WOR, the Hearst Corporation's toehold in radio, mostly went with the trend towards easy listening during the evening hours...on the graveyard shift between midnight and five they didn't even bother to keep their main studio in Manhattan open. Instead, they broadcast directly from the transmitter in an obscure location in New Jersey.
All this was just fine with Jean Shepherd, a then-young DJ fresh out of the Midwest. Somewhere early in his career with WOR, he found that not only were his bosses asleep, but the censors, and for that matter, the FCC. His response, as radio history will tell, was not to indulge in "shock jock" tactics, but to treat his five hours a night as absolutely blank canvas.
Speaking in a low, intimate voice that seemed to come from the next bunk over, he would speak of everything and nothing: tales of growing up in Indiana, the hot and spooky nights he spent during the waning days of WWII on a Navy ship in the Pacific, the recent election, the meaning of life and...the trees are changing late this year, wonder if it's going to be a mild winter, or what? All this, interspersed with occasional jazz records, readings of Beat and parlor poetry, oddball commercials, digs at the competition (a full-time easy listening station, WPAT), and phone calls from what he called the "Night People", whom he flattered as being more skeptical, intelligent, and ahead of the workaday "Day People". Do the Day People even know we exist? he wondered. If we formed a conspiracy, would they even know where to look?
One of Shepherd's favorite subjects was the then-prevalent tendency of New Yorkers to rely on reviewers' blurbs and lists over their own judgment: as he said "If a play got a great review from Clive Barnes, and you fell asleep in the first act, you felt that it was your fault." The best-seller lists, he pointed out, were more likely to be a barometer of the lowest common denominator, not literary merit. One evening in 1956, he decided to put the question to his "Night People": let's create a best-seller. Better yet, let's create a nonexistent best seller. Any suggestions? Taking calls...212-321-0710...

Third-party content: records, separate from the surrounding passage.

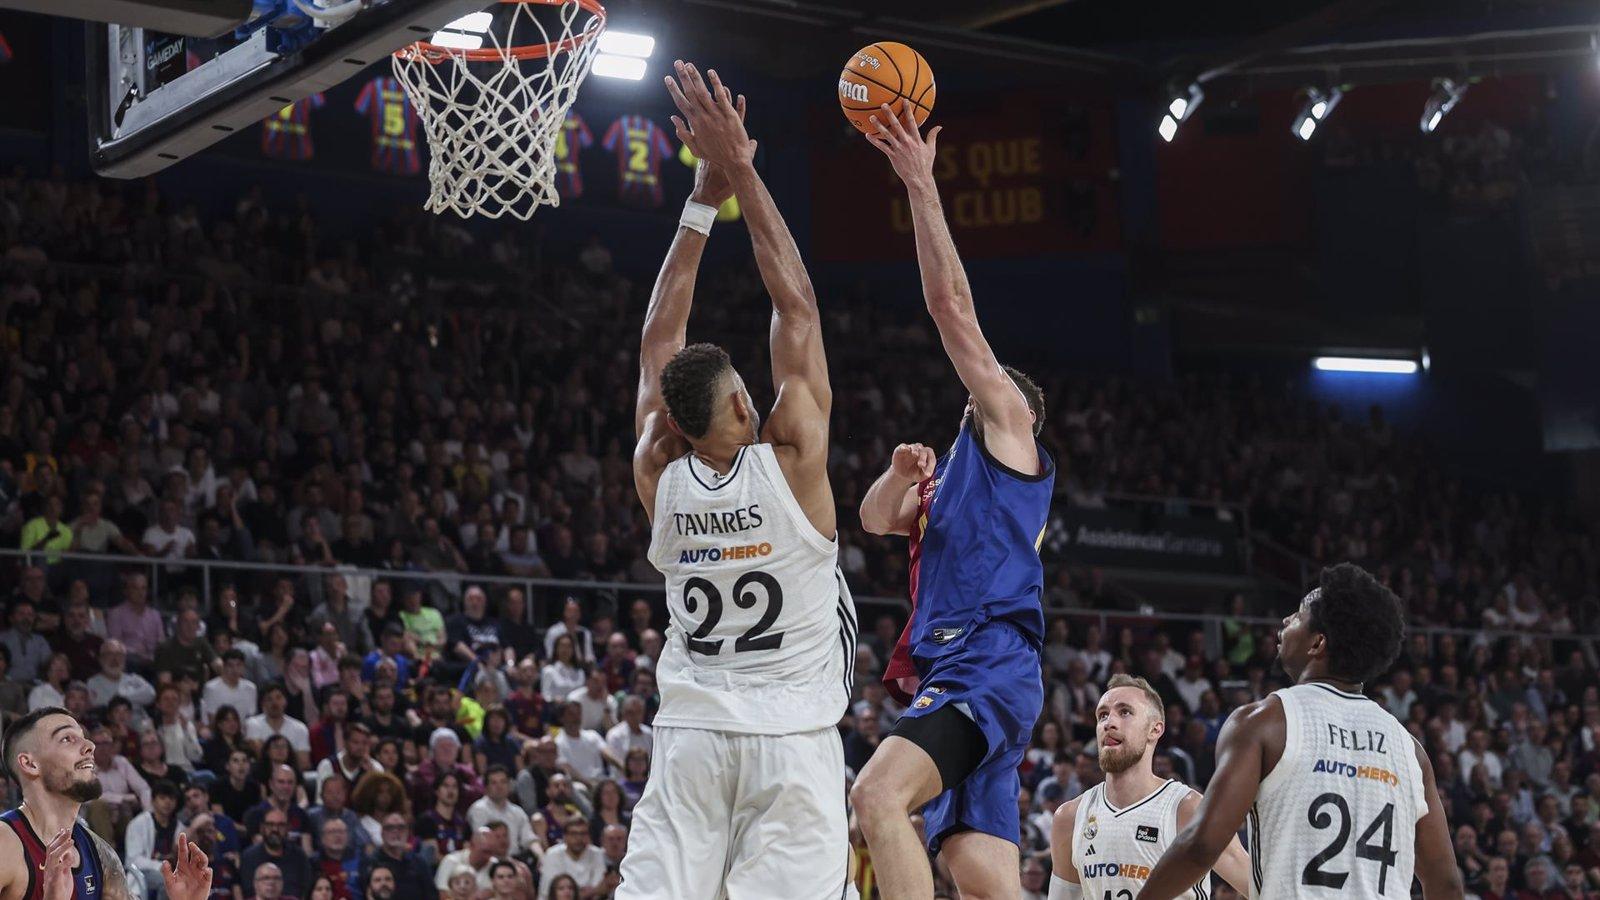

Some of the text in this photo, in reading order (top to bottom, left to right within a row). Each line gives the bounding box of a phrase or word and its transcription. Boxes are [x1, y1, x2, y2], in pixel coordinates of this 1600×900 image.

[147, 37, 184, 70] GAMEDAY
[384, 103, 405, 136] 5
[628, 140, 649, 171] 2
[968, 139, 1042, 186] QUE
[954, 187, 1043, 227] CLUB
[673, 504, 763, 536] TAVARES
[679, 542, 773, 564] AUTOHERO
[683, 571, 786, 656] 22
[1328, 723, 1387, 755] FELIZ
[1312, 759, 1399, 788] AUTOHERO
[1302, 792, 1399, 897] 24
[1083, 863, 1151, 880] AUTOHER
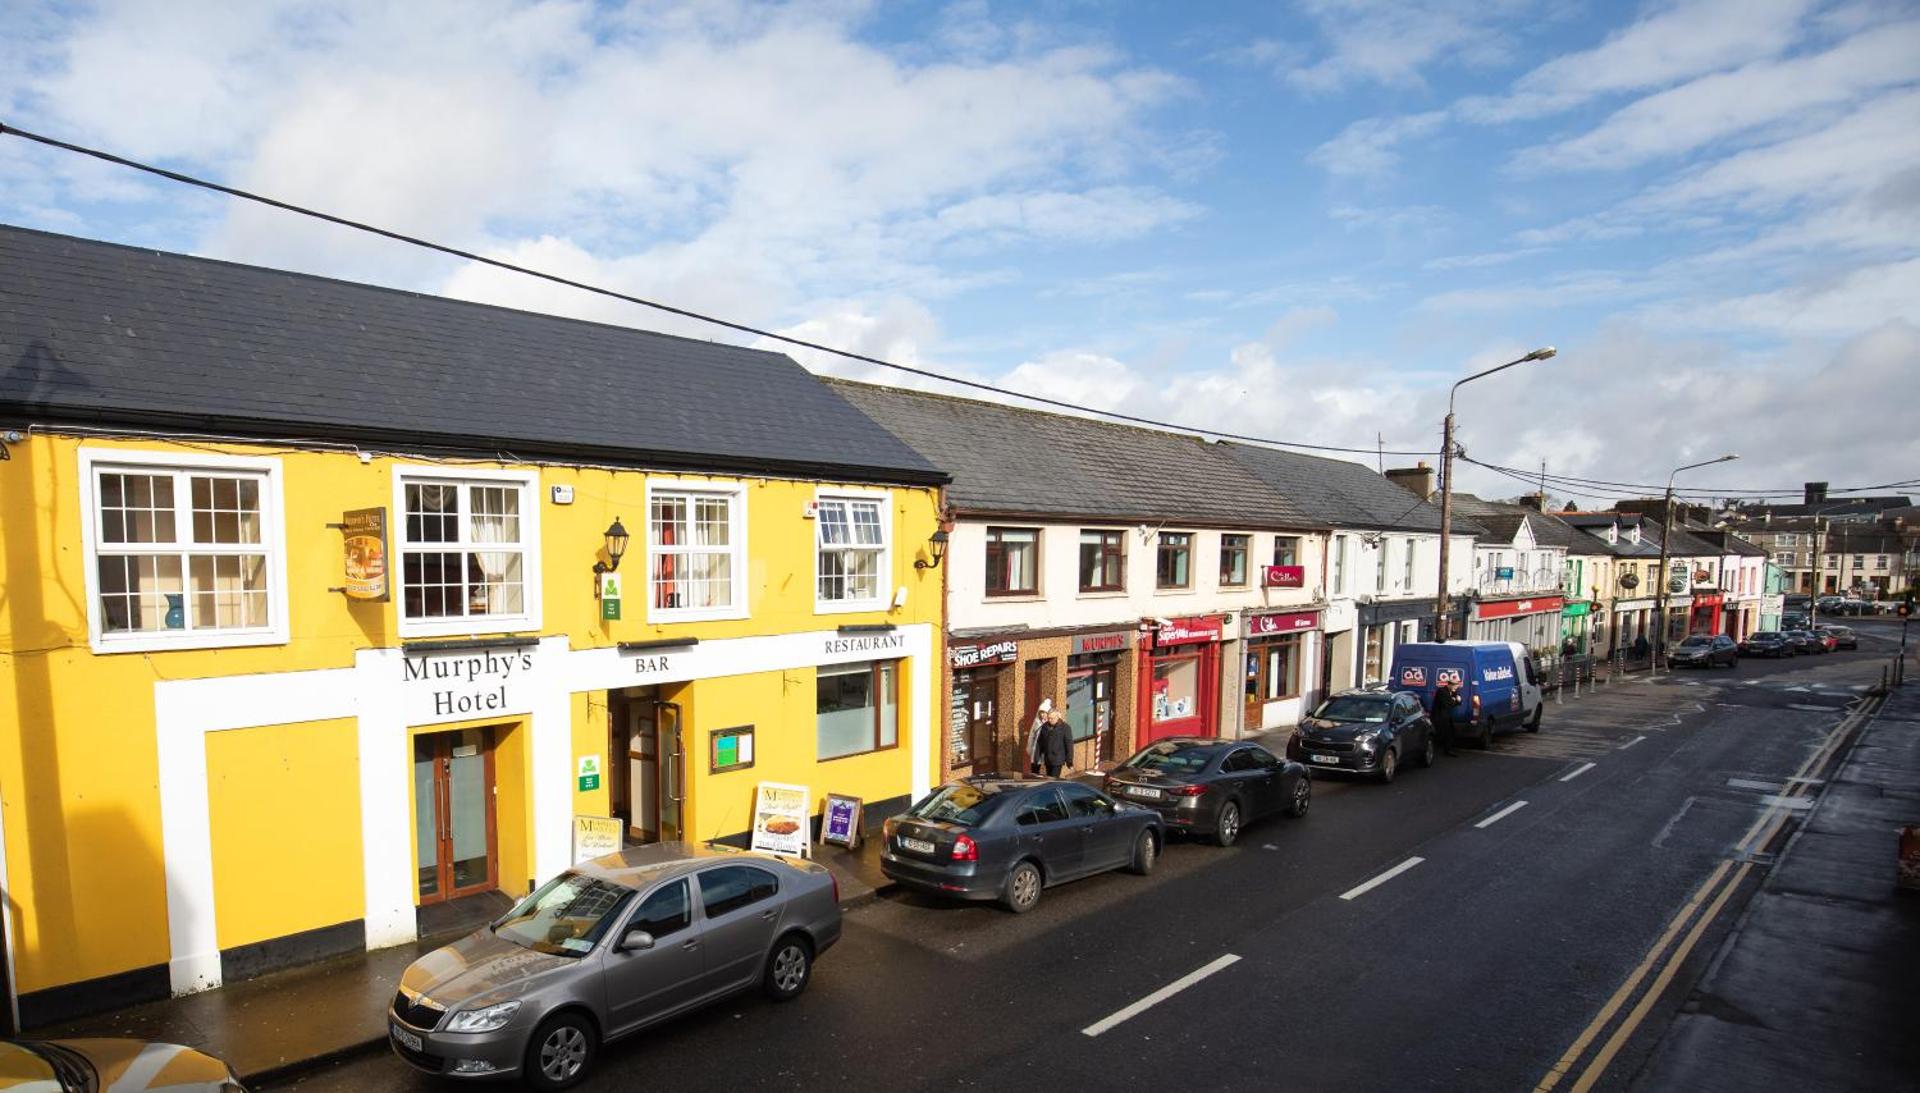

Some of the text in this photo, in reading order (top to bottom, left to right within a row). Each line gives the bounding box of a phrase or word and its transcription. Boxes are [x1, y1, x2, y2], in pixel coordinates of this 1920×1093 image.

[825, 635, 905, 654] RESTAURANT
[954, 651, 980, 667] SHOE
[980, 641, 1017, 660] REPAIRS
[402, 648, 532, 682] Murphy's
[635, 656, 669, 673] BAR
[433, 685, 507, 715] Hotel

By 4:30 AM, they had agreed on a title, and a general plot. The novel was to be an 18th century version of Dr. Jekyll and Mr. Hyde, with a staid, highly placed nobleman who turned, under cover of darkness, into a skirt-chasing, drinking, gambling, whoring rakehell out of a Hogarth or Rowlinson. Styling himself a "moral adventurer", the book dealt with his liasons with three very different women, each time posing as their perfect lover. Free-associating, Shepherd created an author, Frederick Ewing, a British Commander during WWII, now a civil servant in Rhodesia, educated in English Literature at Oxford with graduate studies at Cambridge (which had printed the book under their Excelsior Press line), who had given a series of lectures about 18th Century erotica for the BBC. His wife, Marjorie, was a well-known horsewoman from the North Country.

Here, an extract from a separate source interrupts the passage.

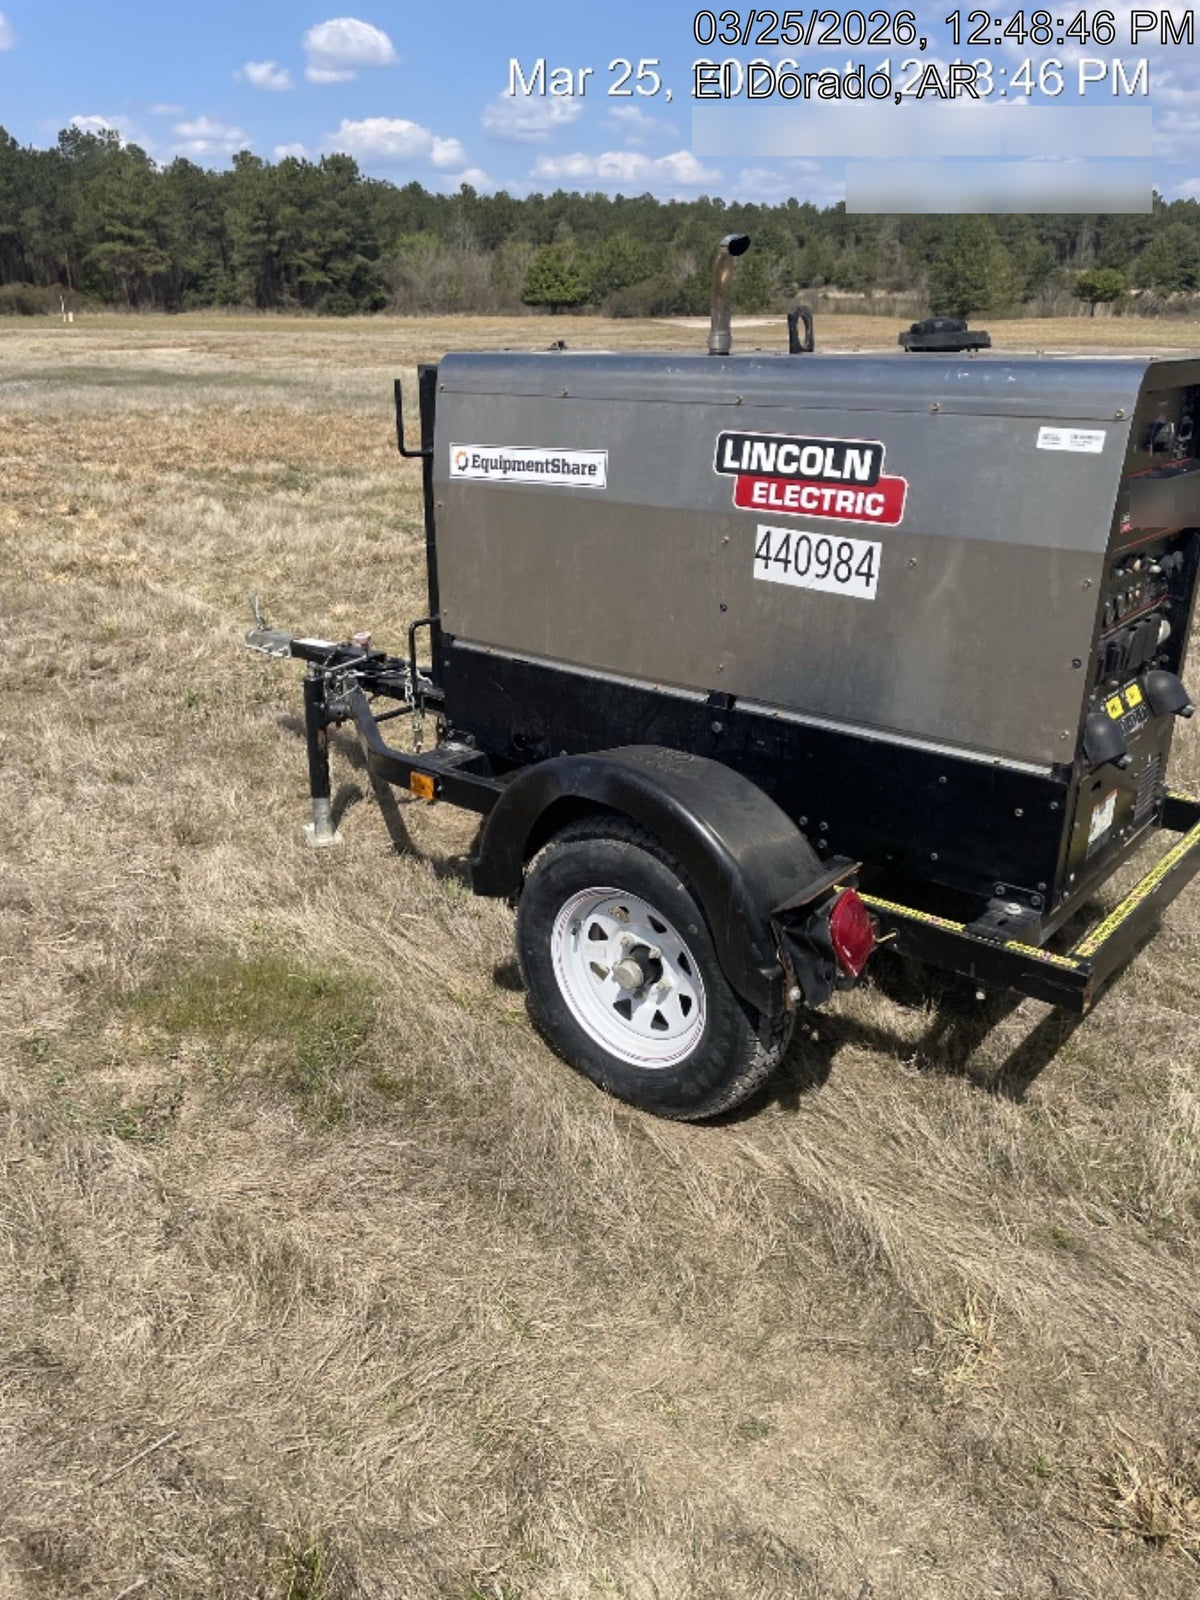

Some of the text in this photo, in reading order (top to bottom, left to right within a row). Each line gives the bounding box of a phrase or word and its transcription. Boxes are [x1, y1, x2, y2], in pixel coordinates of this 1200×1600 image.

[471, 454, 598, 476] EquipmentShare
[723, 438, 873, 481] LINCOLN
[752, 481, 885, 516] ELECTRIC
[755, 530, 875, 587] 440984

It was a well-calculated move from the start. Erotica was very much "in the news", as obscenity trial after obscenity trial proved that Lady Chatterley's Lover, Howl, and Lolita were not, as was often charged, "smut", but important, life-affirming works of literature in their own right. A similar book, Forever Amber, had already caused a world-wide stir, dealing, as it did, with a royal mistress's memoirs during the Restoration -- American Modernism being, as it was, at high noon, the British Enlightenment, a few years later, was held up as being its distant mirror and exemplar. Clearly, the mix of hot, boozy sex and cool, skeptical cerebration was just right for the times. More to the point, most of the publishing industry, centered in New York, were unabashed Anglophiles (a factor that was to help spark the James Bond phenomenon several years later): a University-educated Colonial, with BBC credentials and a horsey wife, was just the kind of chap they, themselves wanted to be: certainly they'd want to seek him out socially, and so would go the extra mile to please. The next day, the leading bookstores in New York began to get requests for a book called "I, Libertine".

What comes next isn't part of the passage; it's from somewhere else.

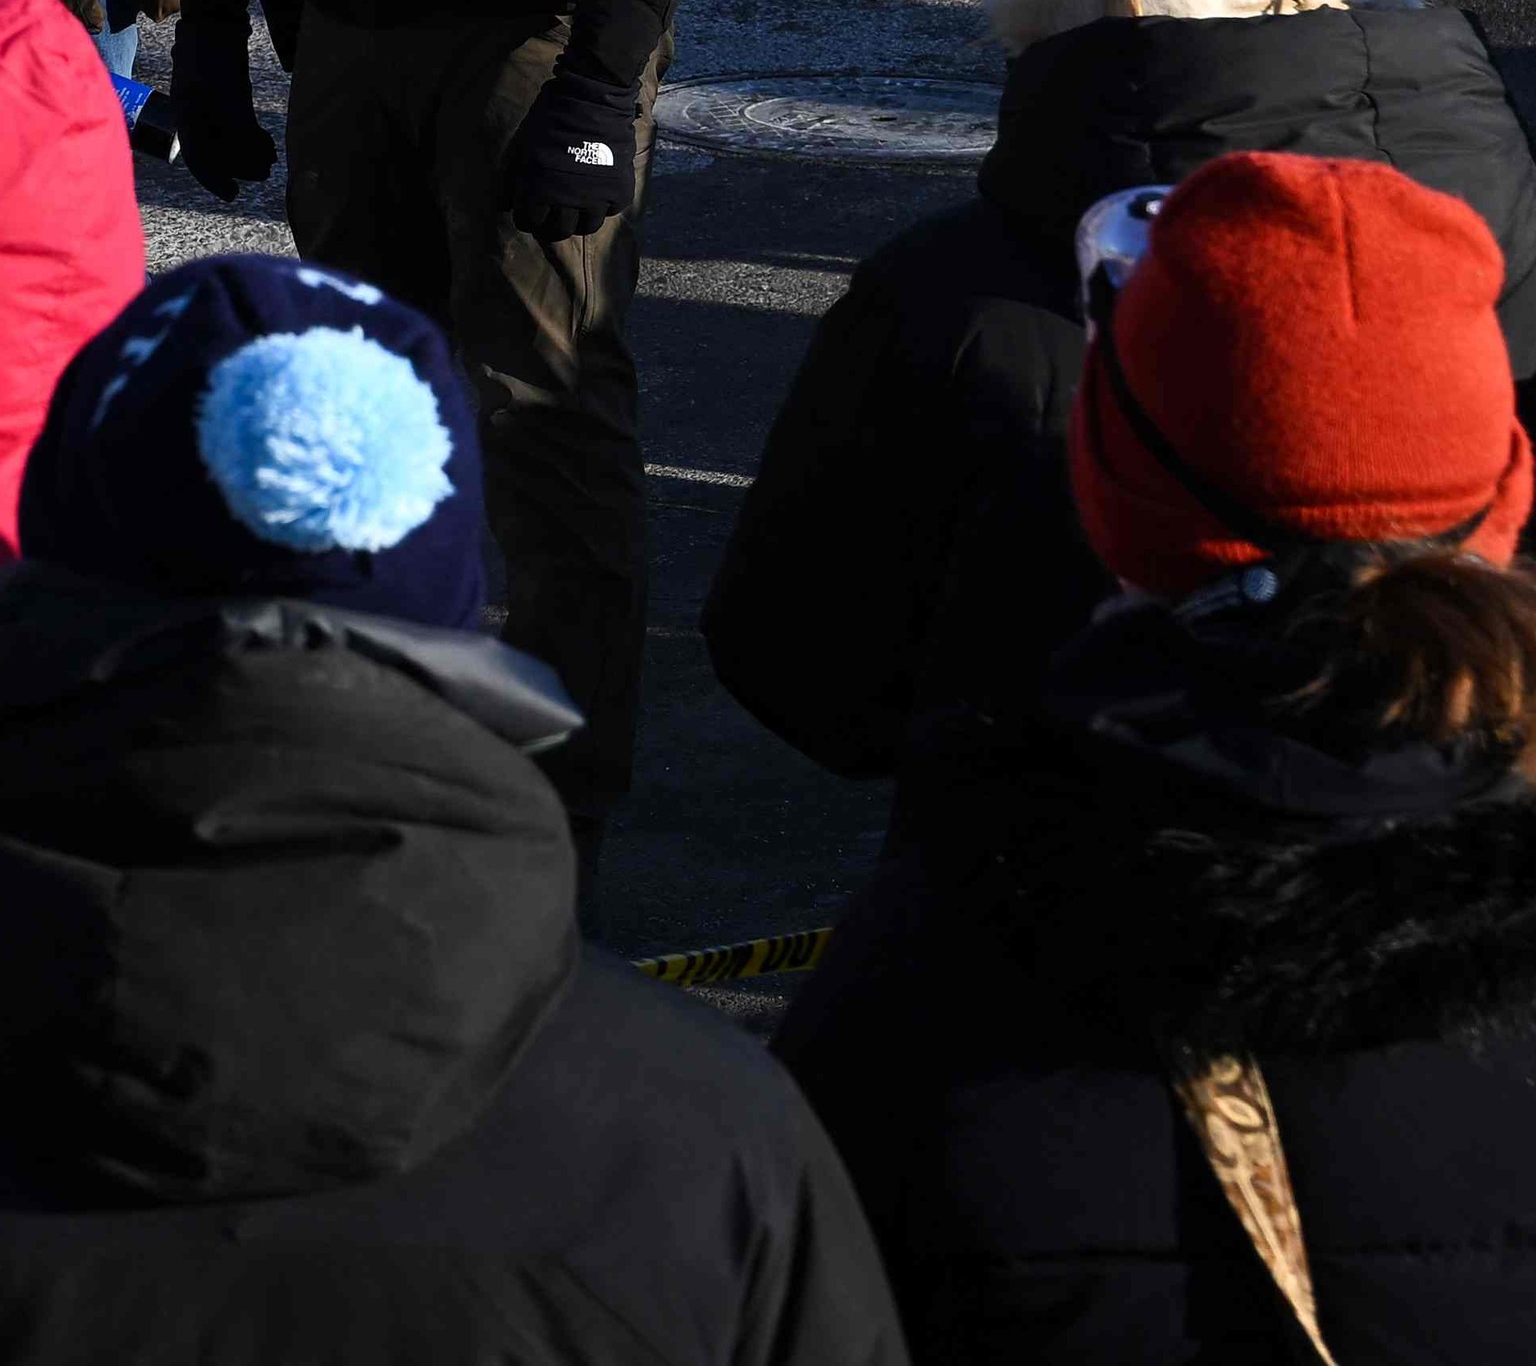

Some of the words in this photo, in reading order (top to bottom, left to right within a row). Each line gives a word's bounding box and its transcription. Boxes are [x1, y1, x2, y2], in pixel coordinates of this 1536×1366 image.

[583, 141, 600, 151] THE
[567, 146, 600, 159] NORTH
[575, 155, 600, 166] FACE

Results were sluggish at first. Brentano's, at that time the flagship of the bookselling trade in Manhattan, responded at first with puzzled clerks taking down the title, and promising to special order. Distributors puzzled over the fact that there didn't seem to be any "Excelsior Press" associated with Cambridge University. Cambridge itself had no clue, nor was there a Frederick Ewing. The BBC drew a blank on any program specifically about 18th century erotica, and certainly no Frederick Ewing. The Royal Navy, Oxford, equestrian associations across Britain, the Rhodesian government, similarly drew a blank: no Frederick, no Marjorie. Publisher's Weekly and other booksellers' trade magazines began to run sidebars asking readers to write in with any information they had about a strange book that it seemed, everyone had read, but no one had ever seen.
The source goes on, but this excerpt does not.